START Excerpted records

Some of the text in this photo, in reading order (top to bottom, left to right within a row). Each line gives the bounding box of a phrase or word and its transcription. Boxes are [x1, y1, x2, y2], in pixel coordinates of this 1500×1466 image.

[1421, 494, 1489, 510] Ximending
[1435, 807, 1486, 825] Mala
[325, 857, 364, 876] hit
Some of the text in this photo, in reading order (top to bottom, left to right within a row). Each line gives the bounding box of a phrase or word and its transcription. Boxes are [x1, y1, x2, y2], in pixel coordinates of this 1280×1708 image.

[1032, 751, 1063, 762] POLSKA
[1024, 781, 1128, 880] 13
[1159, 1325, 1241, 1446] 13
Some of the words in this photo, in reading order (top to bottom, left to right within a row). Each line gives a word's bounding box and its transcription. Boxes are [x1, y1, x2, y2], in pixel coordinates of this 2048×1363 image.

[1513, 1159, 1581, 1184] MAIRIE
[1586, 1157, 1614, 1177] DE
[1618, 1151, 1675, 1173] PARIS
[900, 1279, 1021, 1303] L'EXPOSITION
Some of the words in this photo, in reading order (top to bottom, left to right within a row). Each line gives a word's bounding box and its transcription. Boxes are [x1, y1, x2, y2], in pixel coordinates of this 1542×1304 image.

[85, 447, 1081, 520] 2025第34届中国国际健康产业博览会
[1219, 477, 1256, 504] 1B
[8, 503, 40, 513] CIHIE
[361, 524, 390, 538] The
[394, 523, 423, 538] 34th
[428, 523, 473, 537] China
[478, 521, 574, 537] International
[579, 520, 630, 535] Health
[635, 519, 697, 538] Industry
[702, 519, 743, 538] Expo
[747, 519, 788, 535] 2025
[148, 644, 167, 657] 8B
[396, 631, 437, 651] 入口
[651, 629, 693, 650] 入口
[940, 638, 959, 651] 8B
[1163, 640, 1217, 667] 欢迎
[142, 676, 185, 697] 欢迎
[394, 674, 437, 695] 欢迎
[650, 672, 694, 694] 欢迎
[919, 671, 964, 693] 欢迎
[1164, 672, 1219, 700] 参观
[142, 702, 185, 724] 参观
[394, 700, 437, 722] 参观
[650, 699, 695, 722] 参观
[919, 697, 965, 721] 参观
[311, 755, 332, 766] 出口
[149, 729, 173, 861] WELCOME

END Excerpted records

Work required: Output the data exactly, in full.

Answer space:
Some of the text in this photo, in reading order (top to bottom, left to right within a row). Each line gives the bounding box of a phrase or word and its transcription. Boxes are [x1, y1, x2, y2], in pixel coordinates of this 1500×1466 image.

[1421, 494, 1489, 510] Ximending
[1435, 807, 1486, 825] Mala
[325, 857, 364, 876] hit
Some of the text in this photo, in reading order (top to bottom, left to right within a row). Each line gives the bounding box of a phrase or word and its transcription. Boxes are [x1, y1, x2, y2], in pixel coordinates of this 1280×1708 image.

[1032, 751, 1063, 762] POLSKA
[1024, 781, 1128, 880] 13
[1159, 1325, 1241, 1446] 13
Some of the words in this photo, in reading order (top to bottom, left to right within a row). Each line gives a word's bounding box and its transcription. Boxes are [x1, y1, x2, y2], in pixel coordinates of this 2048×1363 image.

[1513, 1159, 1581, 1184] MAIRIE
[1586, 1157, 1614, 1177] DE
[1618, 1151, 1675, 1173] PARIS
[900, 1279, 1021, 1303] L'EXPOSITION
Some of the words in this photo, in reading order (top to bottom, left to right within a row). Each line gives a word's bounding box and its transcription. Boxes are [x1, y1, x2, y2], in pixel coordinates of this 1542×1304 image.

[85, 447, 1081, 520] 2025第34届中国国际健康产业博览会
[1219, 477, 1256, 504] 1B
[8, 503, 40, 513] CIHIE
[361, 524, 390, 538] The
[394, 523, 423, 538] 34th
[428, 523, 473, 537] China
[478, 521, 574, 537] International
[579, 520, 630, 535] Health
[635, 519, 697, 538] Industry
[702, 519, 743, 538] Expo
[747, 519, 788, 535] 2025
[148, 644, 167, 657] 8B
[396, 631, 437, 651] 入口
[651, 629, 693, 650] 入口
[940, 638, 959, 651] 8B
[1163, 640, 1217, 667] 欢迎
[142, 676, 185, 697] 欢迎
[394, 674, 437, 695] 欢迎
[650, 672, 694, 694] 欢迎
[919, 671, 964, 693] 欢迎
[1164, 672, 1219, 700] 参观
[142, 702, 185, 724] 参观
[394, 700, 437, 722] 参观
[650, 699, 695, 722] 参观
[919, 697, 965, 721] 参观
[311, 755, 332, 766] 出口
[149, 729, 173, 861] WELCOME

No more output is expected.